The Evidential Value of Paul’s Conversion and Ministry -- By: Everett F. Harrison
BSac 93:370 (Apr 36) p. 187
The Evidential Value of Paul’s Conversion and Ministry
In one of his writings, G. K. Chesterton states that if the Christian man be questioned as to the reason for the hope within him, he is apt to be embarrassed, not for lack of evidence to support his faith, but because of its abundance. There is truth in such a claim, yet it is to be feared that there is too widespread a disposition to remain content amid this not unpleasant embarrassment. It is indefensible at the bar of a man’s intellectual honesty; it is unfair to the investigator who asks concerning the foundations upon which our spiritual hopes rest; it is dishonoring to the dignity of the Biblical revelation. It behooves us to order our case, if only for our own satisfaction and assurance.

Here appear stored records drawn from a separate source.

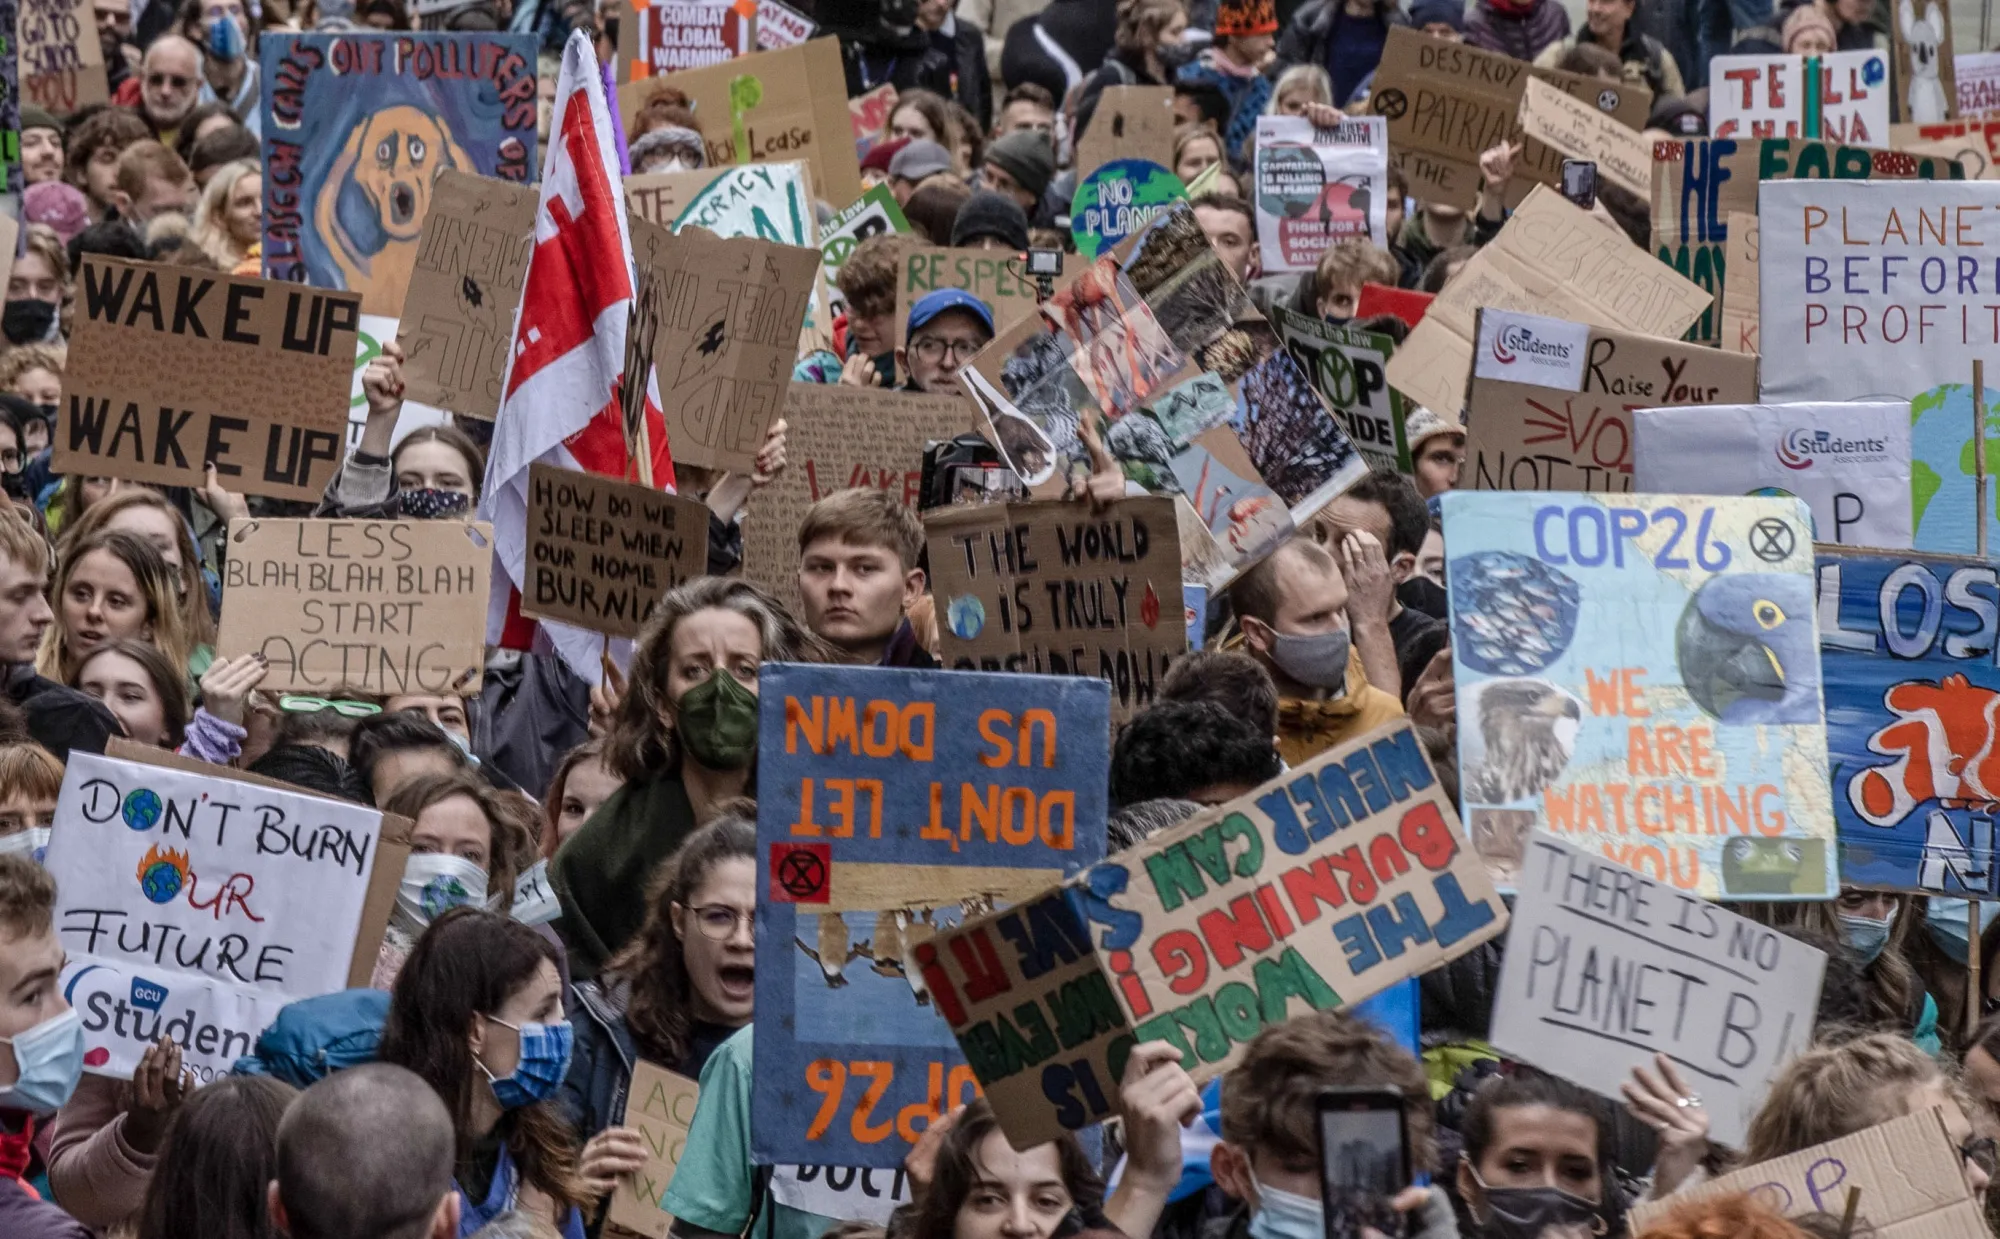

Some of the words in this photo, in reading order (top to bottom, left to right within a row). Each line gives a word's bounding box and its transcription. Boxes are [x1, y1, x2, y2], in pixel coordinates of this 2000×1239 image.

[660, 7, 727, 26] COMBAT
[662, 27, 725, 48] GLOBAL
[328, 38, 386, 77] OUT
[394, 36, 538, 132] POLLUTERS
[653, 48, 733, 67] WARMING
[1419, 44, 1522, 87] DESTROY
[1097, 178, 1132, 207] NO
[1262, 185, 1282, 194] THE
[1276, 173, 1323, 184] KILLING
[1415, 159, 1454, 190] THE
[840, 198, 867, 222] law
[1287, 221, 1325, 234] FIGHT
[1329, 221, 1355, 233] FOR
[1804, 205, 2000, 246] PLANE
[1805, 255, 2000, 295] BEFOR
[82, 262, 265, 346] WAKE
[282, 292, 363, 356] UP
[1347, 327, 1372, 348] law
[1583, 338, 1654, 396] Raise
[1660, 355, 1719, 404] Your
[69, 395, 252, 476] WAKE
[262, 423, 342, 488] UP
[682, 375, 779, 455] END
[535, 477, 596, 515] HOW
[609, 493, 633, 518] DO
[643, 501, 677, 531] WE
[297, 521, 414, 560] LESS
[539, 508, 615, 546] SLEEP
[620, 527, 684, 560] WHEN
[951, 522, 1040, 580] THE
[1054, 517, 1151, 568] WORLD
[1534, 504, 1732, 571] COP26
[397, 565, 476, 595] BLAH
[533, 541, 576, 570] OUR
[591, 552, 658, 590] HOME
[301, 600, 424, 636] START
[1045, 575, 1130, 632] TRULY
[260, 636, 454, 693] ACTING
[1584, 667, 1655, 719] WE
[783, 695, 937, 763] DOWN
[978, 707, 1058, 769] US
[1625, 724, 1719, 778] ARE
[790, 776, 885, 841] LET
[1255, 728, 1435, 855] NEVER
[1543, 783, 1789, 837] WATCHING
[255, 804, 373, 877] BURN
[1143, 810, 1264, 913] CAN
[1603, 842, 1699, 890] YOU
[1108, 799, 1461, 1021] BURNING!
[1332, 871, 1497, 977] THE
[1533, 840, 1655, 928] THERE
[1667, 893, 1720, 939] IS
[1726, 920, 1782, 973] NO
[60, 908, 294, 984] FUTURE
[134, 986, 162, 1003] GCU
[1527, 924, 1709, 1042] PLANET
[1040, 1057, 1111, 1131] IS

Anyone who undertakes to make an investigation of the Christian faith naturally turns to the primary source materials, the documents comprising the New Testament. Very soon he is apt to make the discovery that the greater part of this literature has come from a man who was not numbered among the original Apostles. Further study reveals to him that some years before authentic Gospel records of the life of Jesus were released in written form, this man had carried on an extensive missionary campaign for Christ and had written several authoritative letters to churches largely founded by himself. Amazement grows when he learns that this individual probably had no contact with Jesus when the latter was on earth. (The interpretation of 2 Cor 5:16 may not be easy, but at any rate κατὰ σάρκα cannot be made to mean the same thing as ἐν σαρκί). Soon after the establishment of the church in Jerusalem, this man Saul of Tarsus came forward as a leader of the opposition, a zealous and inveterate persecutor. To him, Jesus of Nazareth was a
BSac 93:370 (Apr 36) p. 188
blasphemer who was worthy of the death meted out to Him. His followers were as guilty as He. They were traitors and heretics, and in arresting such with a view to their imprisonment and death, he felt that he was doing a service acceptable to God.

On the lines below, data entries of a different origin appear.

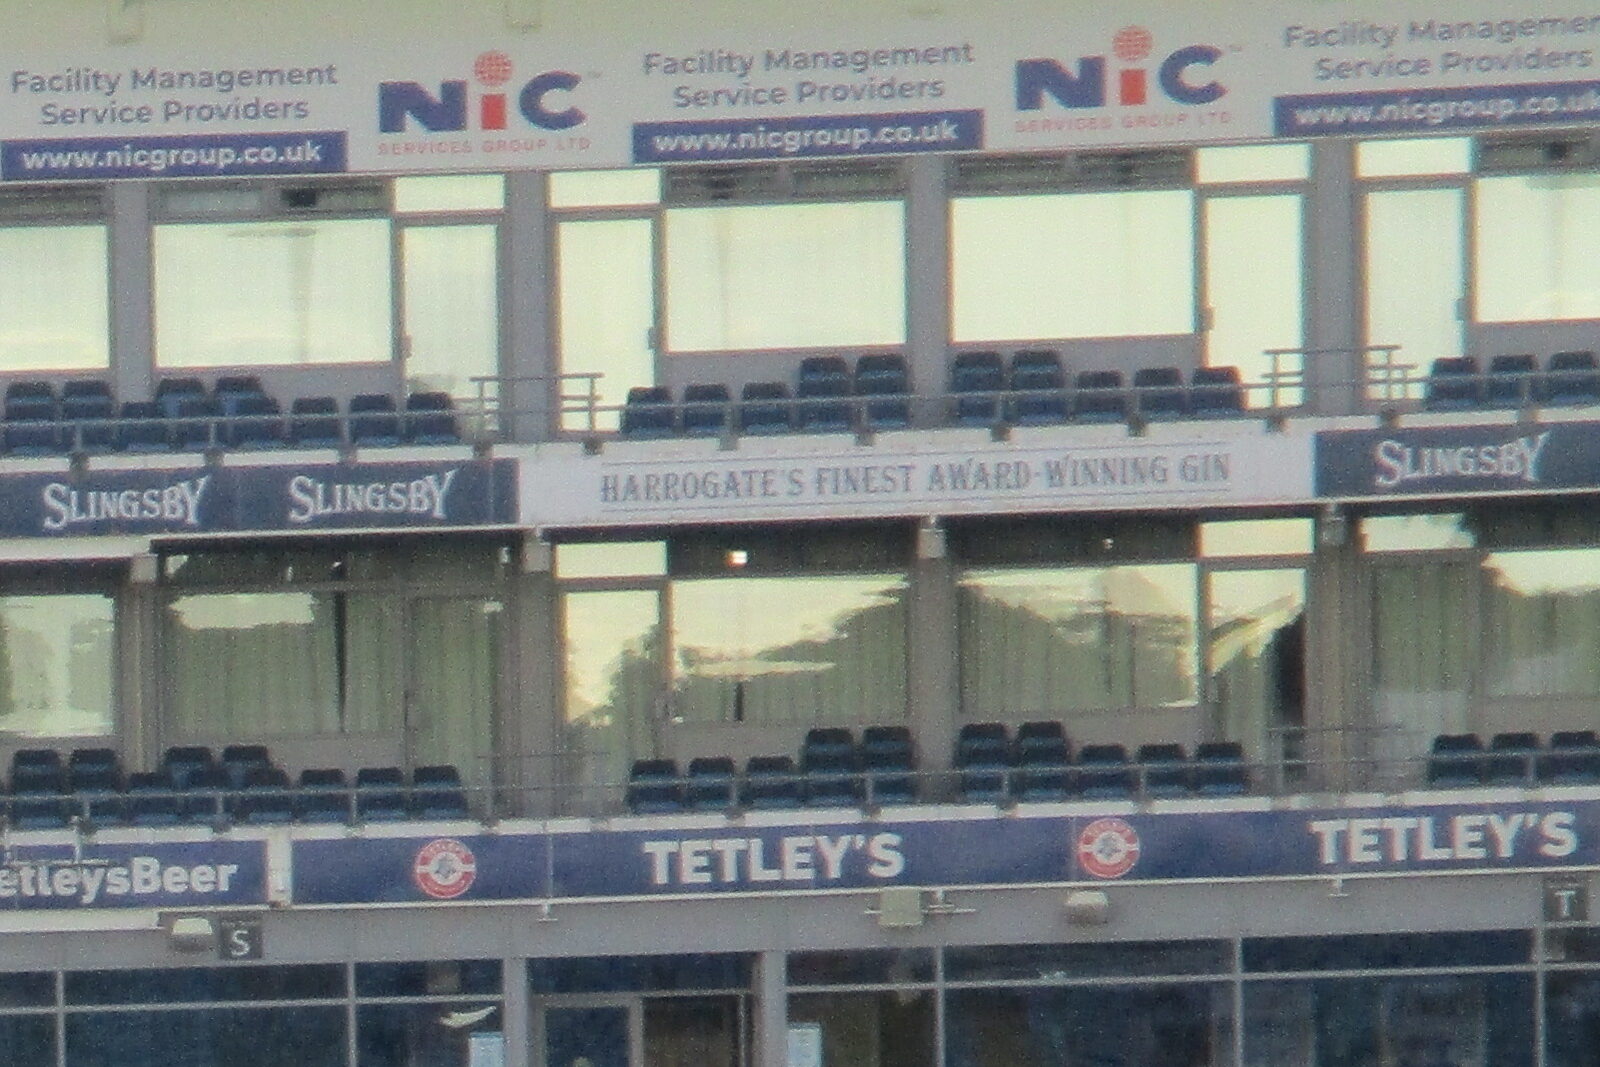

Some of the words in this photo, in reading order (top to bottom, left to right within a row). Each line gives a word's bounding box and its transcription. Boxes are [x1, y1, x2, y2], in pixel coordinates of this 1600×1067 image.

[1284, 23, 1399, 48] Facility
[643, 49, 754, 76] Facility
[763, 42, 976, 71] Management
[1314, 55, 1432, 80] Service
[1441, 47, 1593, 75] Providers
[10, 67, 121, 94] Facility
[131, 63, 339, 90] Management
[673, 82, 786, 108] Service
[797, 75, 945, 102] Providers
[40, 102, 153, 126] Service
[163, 95, 310, 122] Providers
[377, 140, 473, 155] SERVICES
[652, 118, 961, 154] www.nicgroup.co.uk
[21, 138, 322, 173] www.nicgroup.co.uk
[601, 468, 804, 501] HARROGATE'S
[815, 463, 917, 495] FINEST
[1179, 452, 1232, 482] GIN
[1373, 431, 1552, 488] SLINGSBY
[41, 474, 211, 530] SLINGSBY
[287, 468, 459, 523] SLINGSBY
[1307, 811, 1579, 866] TETLEY'S
[642, 831, 907, 887] TETLEY'S
[230, 929, 251, 956] S

The more clearly the true caliber of Saul is perceived, the more evident does it become that any change in his attitude toward Jesus and His disciples is hardly to be expected. Yet he was gloriously transformed, and the fact, thrilling in itself, is so tremendous in its outreach that the divine character of Christianity can safely be made to rest on that fact alone, so impossible is it of any naturalistic explanation.
Paul’s letters, though presupposing on the part of his readers a considerable knowledge of the ear...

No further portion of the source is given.